Green Tara

I took the name for my project from the buddhist deity, Tara or तारा (sanskrit), who is the mother of liberation. There are different colors for Tara. In her green form, she is known as the Buddha of Enlightened Activity. This is what I aspire to, that through my activity (enlightened or not), others may be empowered, liberated. That is the dream that has set me on my journey of one thousand miles. Actually, I don’t know how far it is to India from my little place here in Oakwood Hills, Illinois, but my guess is it is probably over a thousand miles. Dream big or stay home, and I have chosen to dream big.

I leave August 3rd to head to Forbesgunge, Bihar, in a remote northeastern corner of India. Bihar is one of, if not THE, poorest area in India. People there earn just 50 cents a day. Crime is rampant. And Forbesgunge is on a trafficking route that transports kidnapped girls and young women from Nepal to cities such as Mumbai for sex work. An organization was started in the 1990s by Ruchira Gupta called Apne Aap ( whose mission it is to rescue victims of human trafficking and rehabilitate them. It is at their center that I will be spending roughly a month, teaching self defense and karate.

The thought of this journey for me at this moment is stressful. I am trying to get my shots, my anti-malarial pills, get my visa and passport back from processing, get a list of things that will prepare me for the monsoons which will be going on during my stay, decide how best to teach a group of 50 young ladies who may or may not speak English, decide how best to teach on mud floors, decide how best to teach in 90 degree un-airconditioned spaces, decide how best to deal with creepy crawly things at night when I’m sleeping in an un-airconditioned room with temperatures in the 80s, decide how best to protect my personal safety in an area where a murder happens every two hours, and plan for roads to be out and travel generally delayed because of rain, rain, and more rain. It’s a good thing I like a challenge.

And when I start thinking like this, I like to remind myself of the young ladies I will be encountering, remind myself that while for me, my living conditions there might be poor but temporary, but for them, it is an every day occurrence. And then some. And now I am back to sanity.

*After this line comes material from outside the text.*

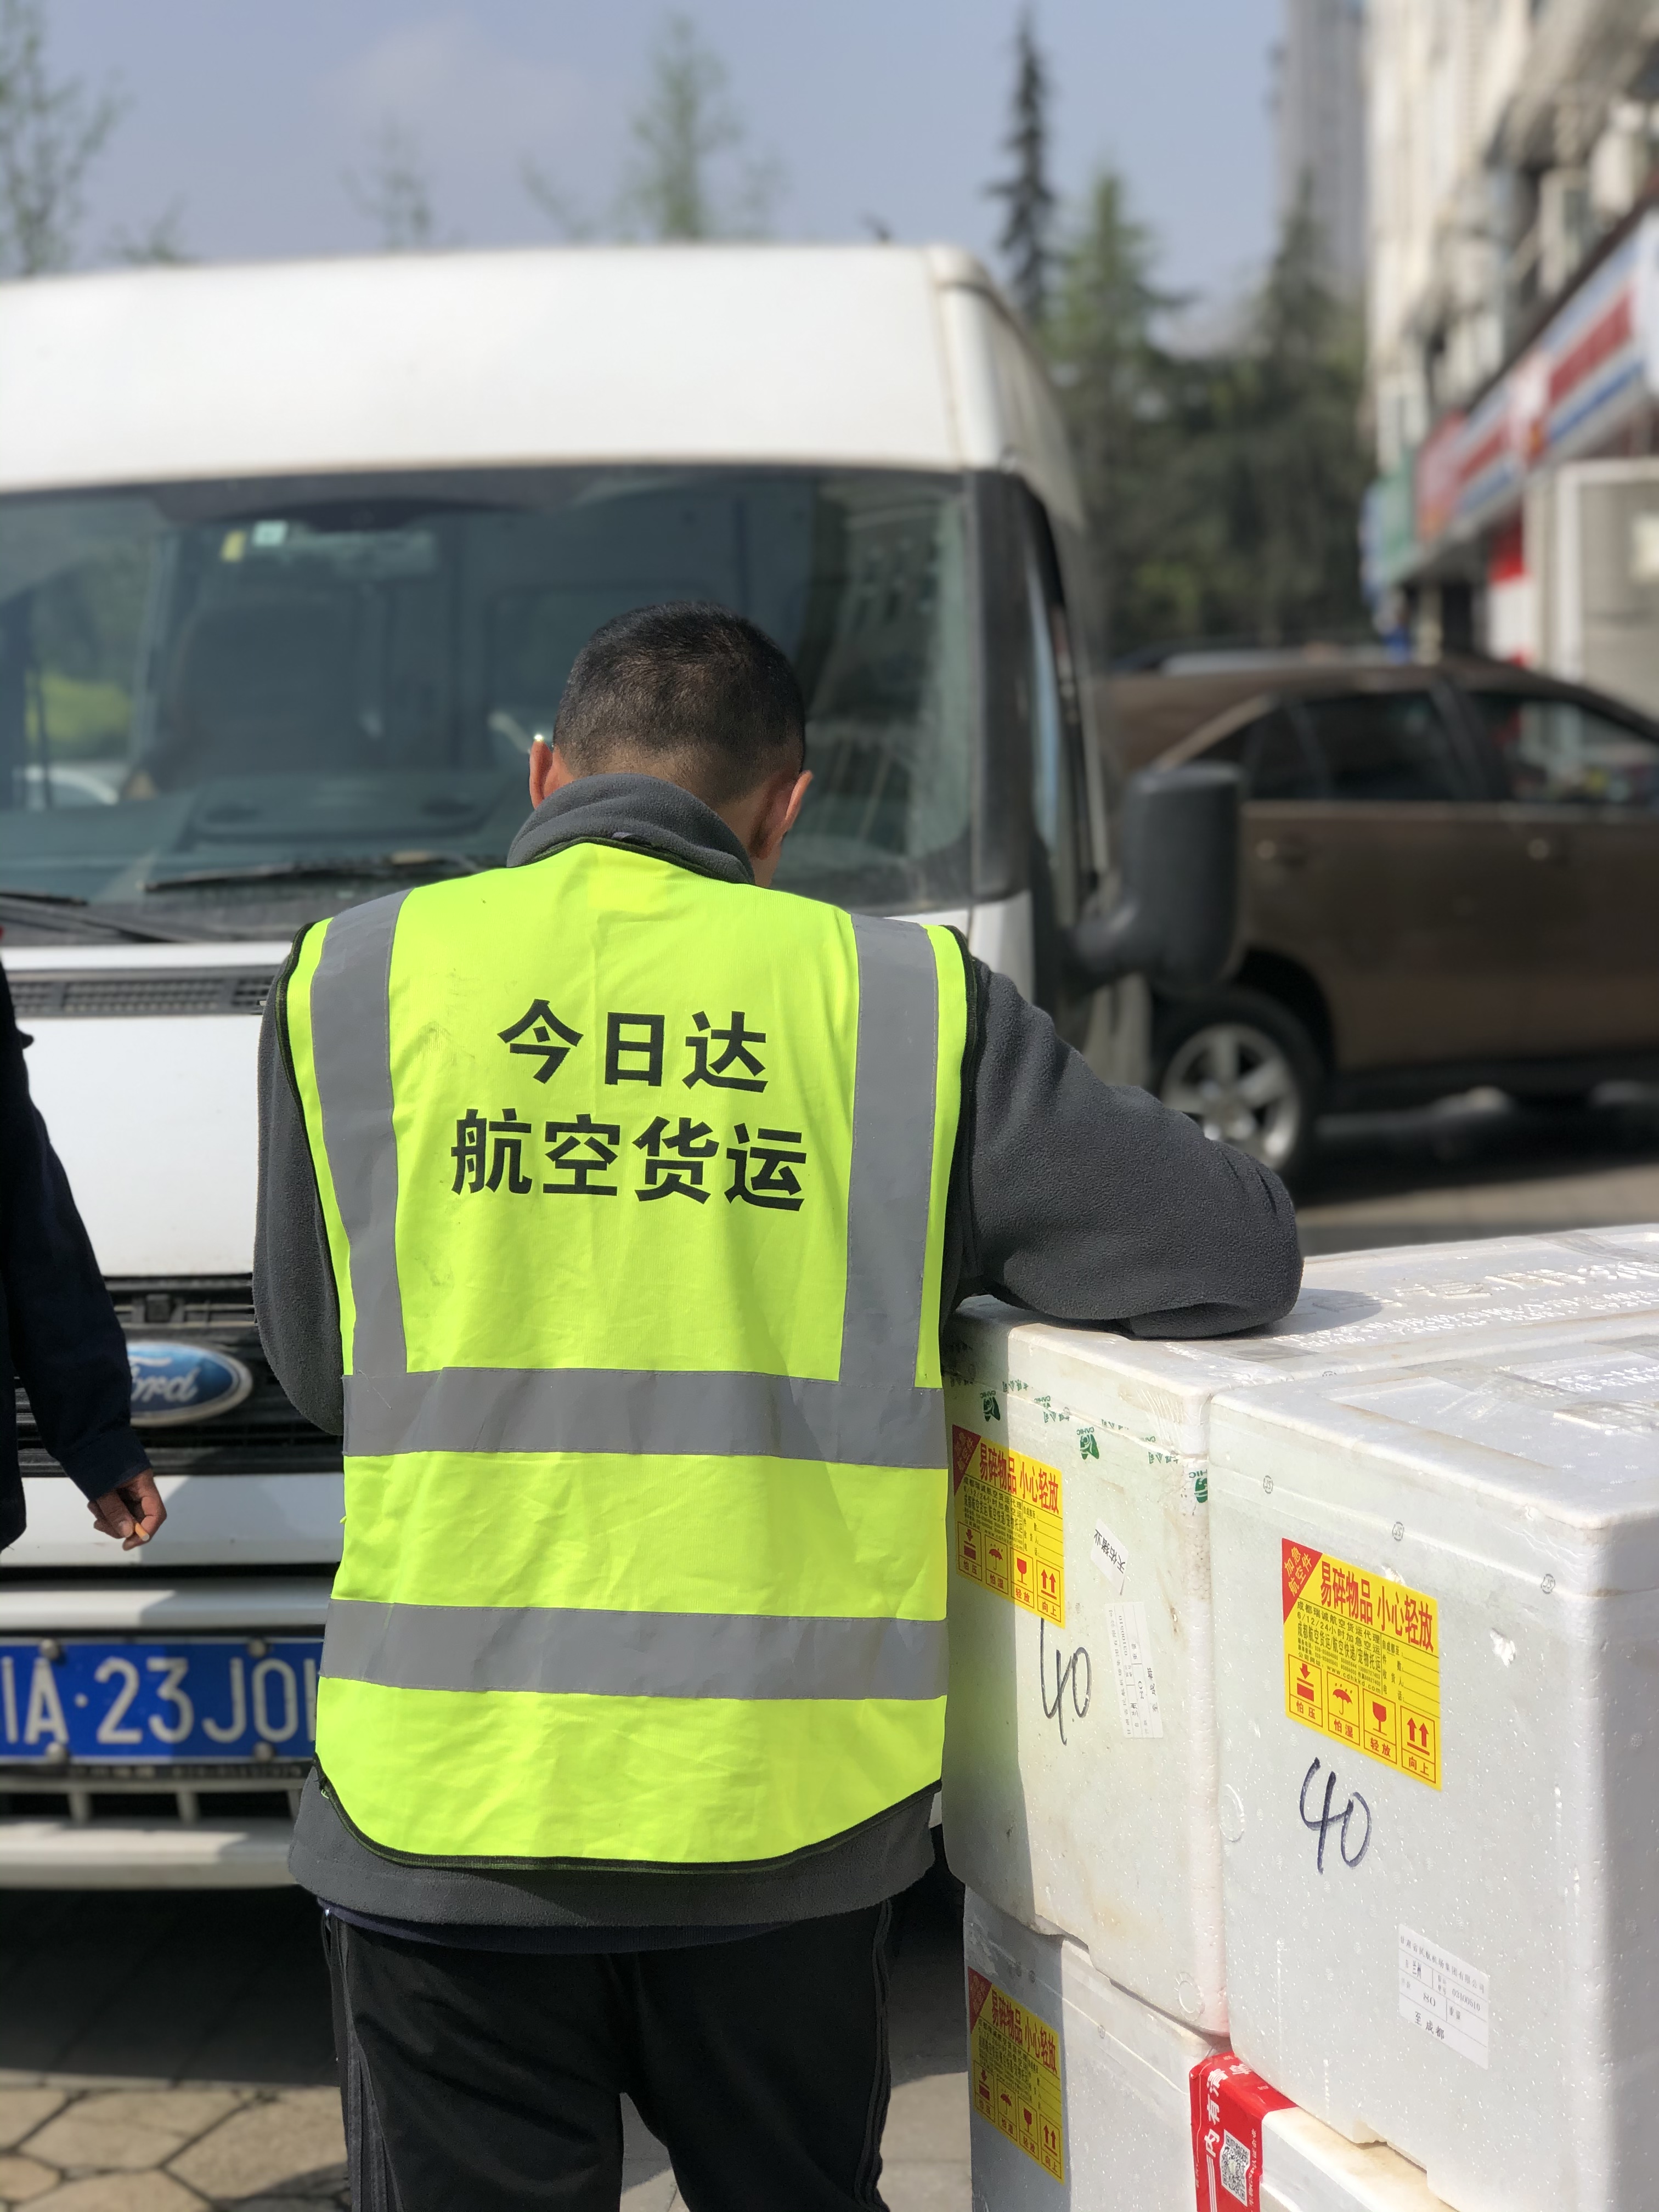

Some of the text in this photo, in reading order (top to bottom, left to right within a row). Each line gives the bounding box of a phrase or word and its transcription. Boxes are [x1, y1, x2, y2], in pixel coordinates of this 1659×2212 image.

File:18th century Eastern Tibeten Thanka, with the Green Tara (Samaya Tara Yogini) in the center and the Blue, Red, White and Yellow taras in the corners, Rubin Museum of Art.jpg


  1. Sandykins said,

    July 23, 2010 at 9:39 pm

    Very nice, be safe my WGP, mwah

  2. Ed said,

    July 24, 2010 at 2:56 pm

    A very noble endeavor. Kudos for taking action to make a difference. Best wishes for a safe journey.

  3. Belle said,

    July 25, 2010 at 3:31 pm

    Hey, Ed, thanks so much. Really appreciate the encouragement. All the best to you.

  4. Cindy said,

    July 28, 2010 at 8:12 pm

    Wow! This is incredibly moving and inspiring. I had no idea you were on this path! I’m excited to follow your journey. Good luck–you’ll be an awesome teacher.

  5. Steven said,

    July 28, 2010 at 11:46 pm

    There’s nothing you are not ready for, including but not limited to wonder, laughter, and luck. Bring back heart-stopping stories!

  6. Maria said,

    August 2, 2010 at 8:59 pm

    This sounds like an absolutely fantastic endeavor. As a fellow karateka, I’m all the more inspired. I look forward to following your progress! Perhaps I’ll try to follow your example, and maybe even start a service project in this vein at my dojo…

  7. Belle said,

    August 5, 2010 at 3:58 am

    Maria, Thanks for the wishes and so glad you’ve found this inspiring. Great idea for starting a service project – let me know what happens with it. Hey, what kind of karate do you study? All the best!